A June report from the Medicare Payment Advisory Committee to Congress (MEDPAC) examined the use of home health care between Medicare Advantage (MA) and traditional Medicare patients, finding MA enrollees receive 11% less home visits compared to Medicare fees.
The report, published Thursday, found mostly “relatively modest” differences in home health care use between MA and Medicare service fee beneficiaries, but found that prior year hospitalizations, MA plan types, and other factors influenced utilization.
MEDPAC said previous studies were too limited to draw nationally representative conclusions. The report concluded that overall in-home health utilization was slightly lower for MA subscribers than for service fee beneficiaries. Of MA enrollees, 8.3% used home health services, and 8.6% of beneficiaries of service fees did so, but the fees differed if patients were hospitalized within one year.
Among those hospitalized, the likelihood of using home care was 3.2% higher among MA enrollees than beneficiaries of service fees. The increase, according to the report, “suggests that home care will be used in MA as an alternative to other types of acute care, such as expensive SNF stays.”
Regardless of whether patients were hospitalized last year, MA enrollment was associated with an average of 11% less visits per beneficiary compared to Medicare fees. The report says that even within the same home healthcare institution, MA beneficiaries are more likely to receive home visits.
Home care use differed between MA enrollees, depending on the type of plan. Planning with home health care costs was associated with low home health care use as well as low average visits.
Registrants with the Priority Provider Organizational Plan are likely to make more visits, but are likely to use home care as much as HMO plans.
“We emphasize that we cannot draw conclusions about the appropriateness of care based solely on observing differences in use (and most of the differences we observed are relatively modest),” the report read. “Home care is one element of the broader (post acccute post-care) (PAC) landscape, and its use can be influenced by the availability of other PAC providers and other factors such as the type of MA plan, provider network, supplemental benefits offered, and previous hospitalizations (one).”

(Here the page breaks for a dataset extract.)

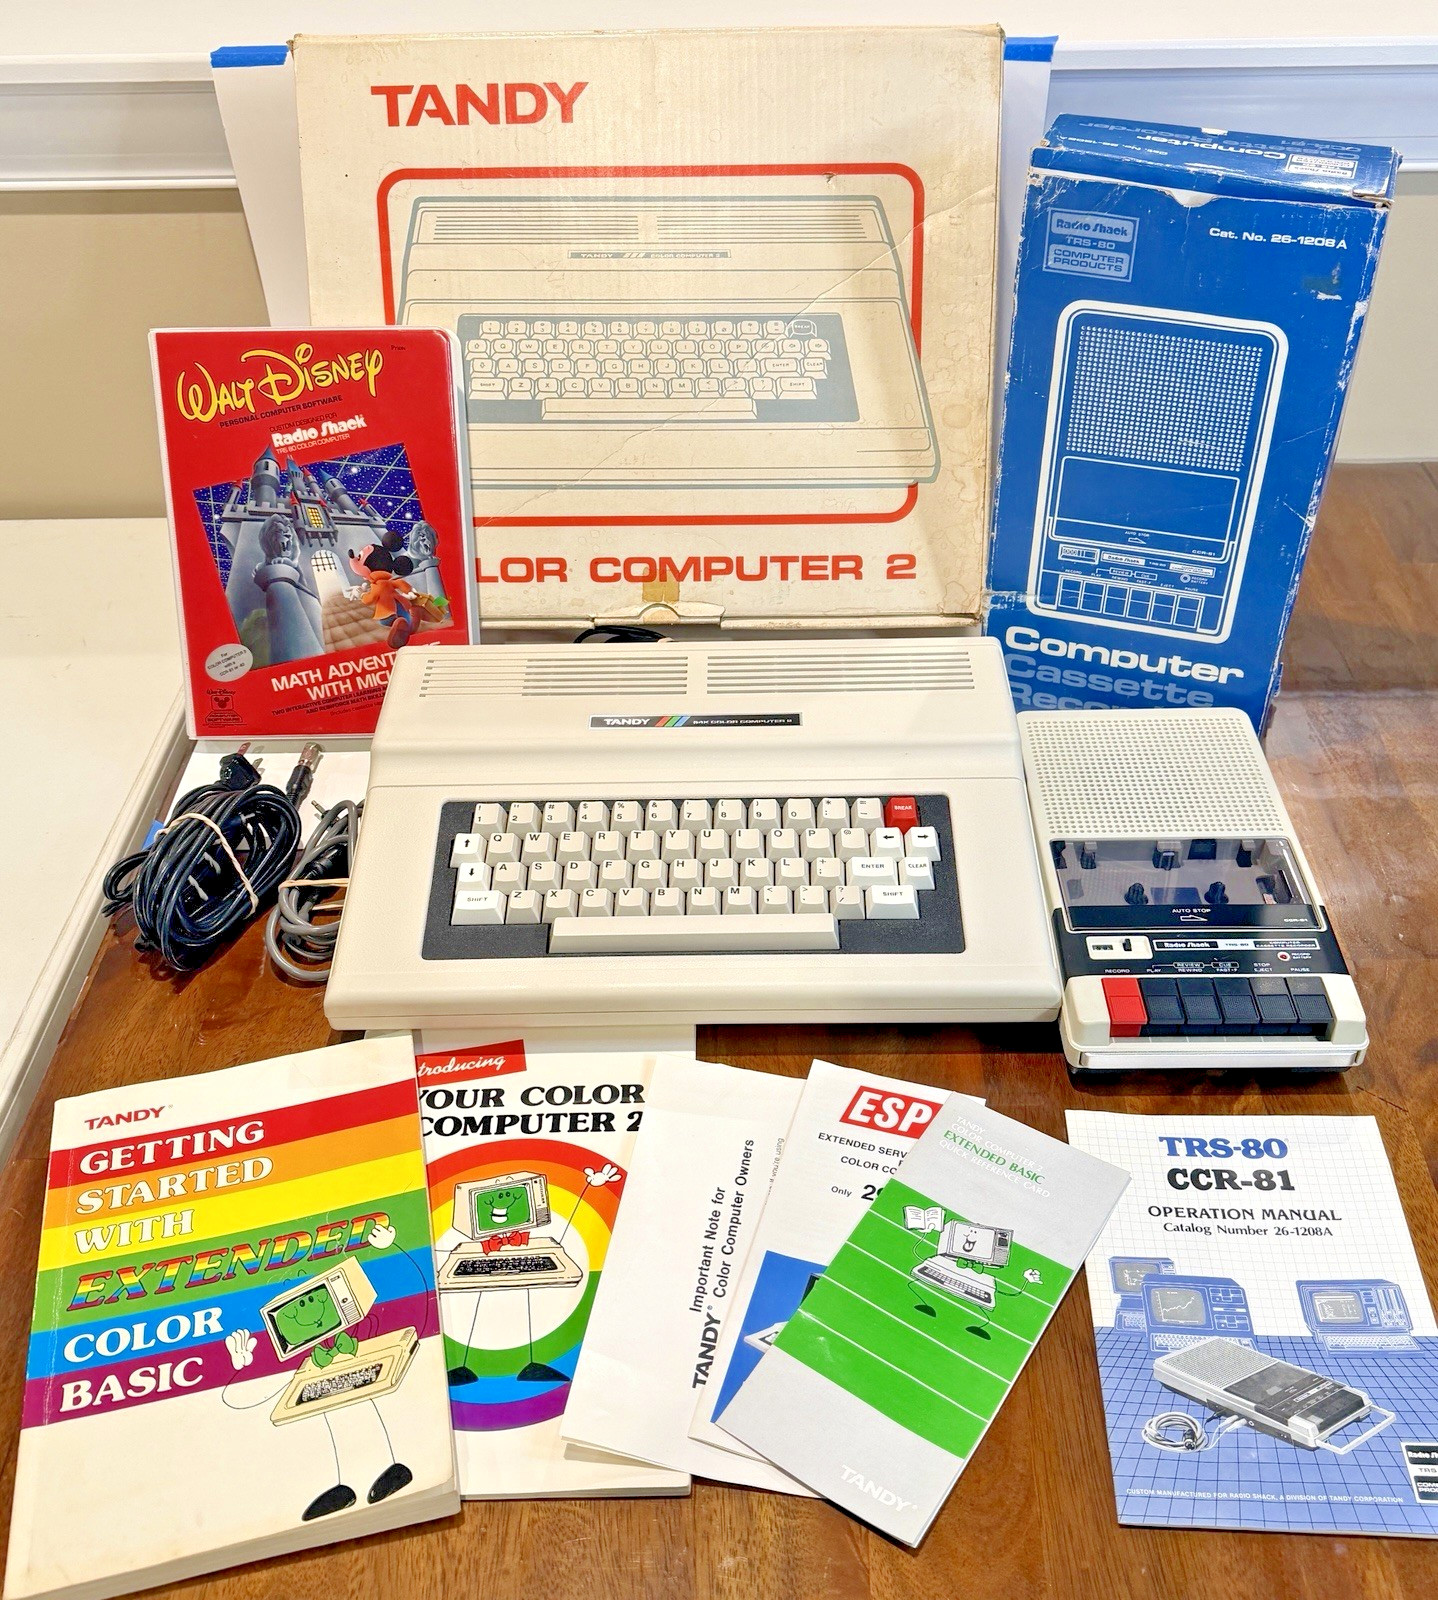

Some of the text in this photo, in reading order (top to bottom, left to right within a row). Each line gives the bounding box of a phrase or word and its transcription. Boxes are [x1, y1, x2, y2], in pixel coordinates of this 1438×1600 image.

The report also found that skilled nursing and physical therapy are the most common type of visits in both traditional Medicare and home health users in MA.
Among MA enrollees, those using home hygiene for wound care received the most visits with an average of 25.1 visits per beneficiary, while the fewest visits used home health care (MMTA) aftercare for drug management, education, and assessment (MMTA) surgical aftercare.
The June report comes two months after MEDPAC recommended that Congress cut home health costs in Medicare fees by 7%.
“Our review shows that Medicare payments for FFS home healthcare are significantly exceeding costs,” MedPac said in its March report. “Home care can be a valuable benefit when it is delivered efficiently and properly, but these overpayments undermine that value.”